Cansu Dere ve Halit Ergenç: Cansu Dere, salına salına yürüyüşünden elindeki kartlardan okumasına çok eleştirildi. Oysa bence Cansu Dere sahnede çok rahatlamış ve kendini bulmuş. Eyşan ona yaramış. Kendinden son derece emindi. Halit Ergenç ise ‘Muhteşem Süleyman’ hali tavrıyla, sahneye ani girişleriyle sesinin bile hakkını veremedi.
Toplum önünde konuşmak: Bizde okullarda dersi yok, ama aslında ne kadar da gerekli. Çok büyük isimler bile çıkıp da iyi konuşamıyor. En doğruyu Reha Erdem söyledi: “Konuşamadığım için film yapıyorum.”

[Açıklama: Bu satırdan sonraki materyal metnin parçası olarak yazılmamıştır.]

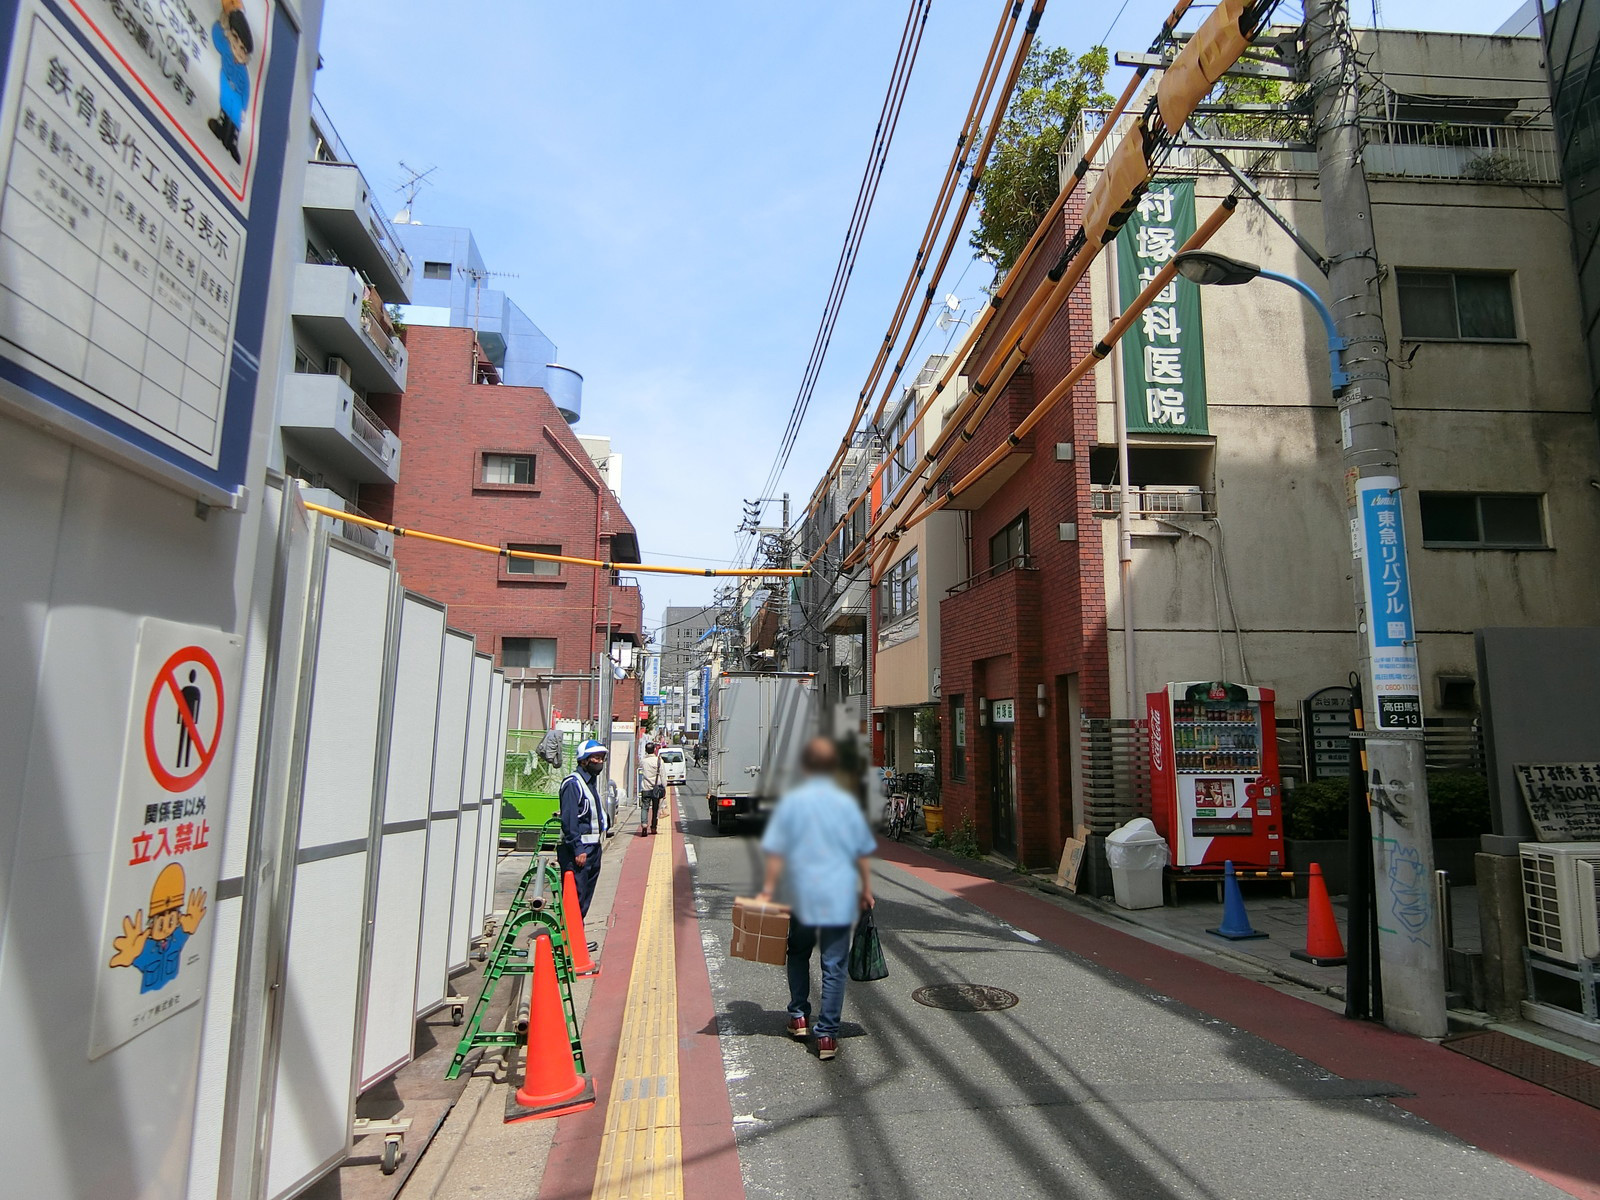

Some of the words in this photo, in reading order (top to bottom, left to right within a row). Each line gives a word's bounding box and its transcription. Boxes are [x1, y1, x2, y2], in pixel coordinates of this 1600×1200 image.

Ödülü mikrofon sanmak: Heyecanda son nokta buydu. Nebahat Çehre ödülü mikrofon sanıp ödüle konuştu, ses gelmeyince şaşırdı. Ayrıca kırmızı halıda Elif Cığızoğlu imzalı, fazla iddialı Barbie bebek elbisesi için ‘Elif Cızıroğlu’nun’ demesi de kimseden kaçmadı.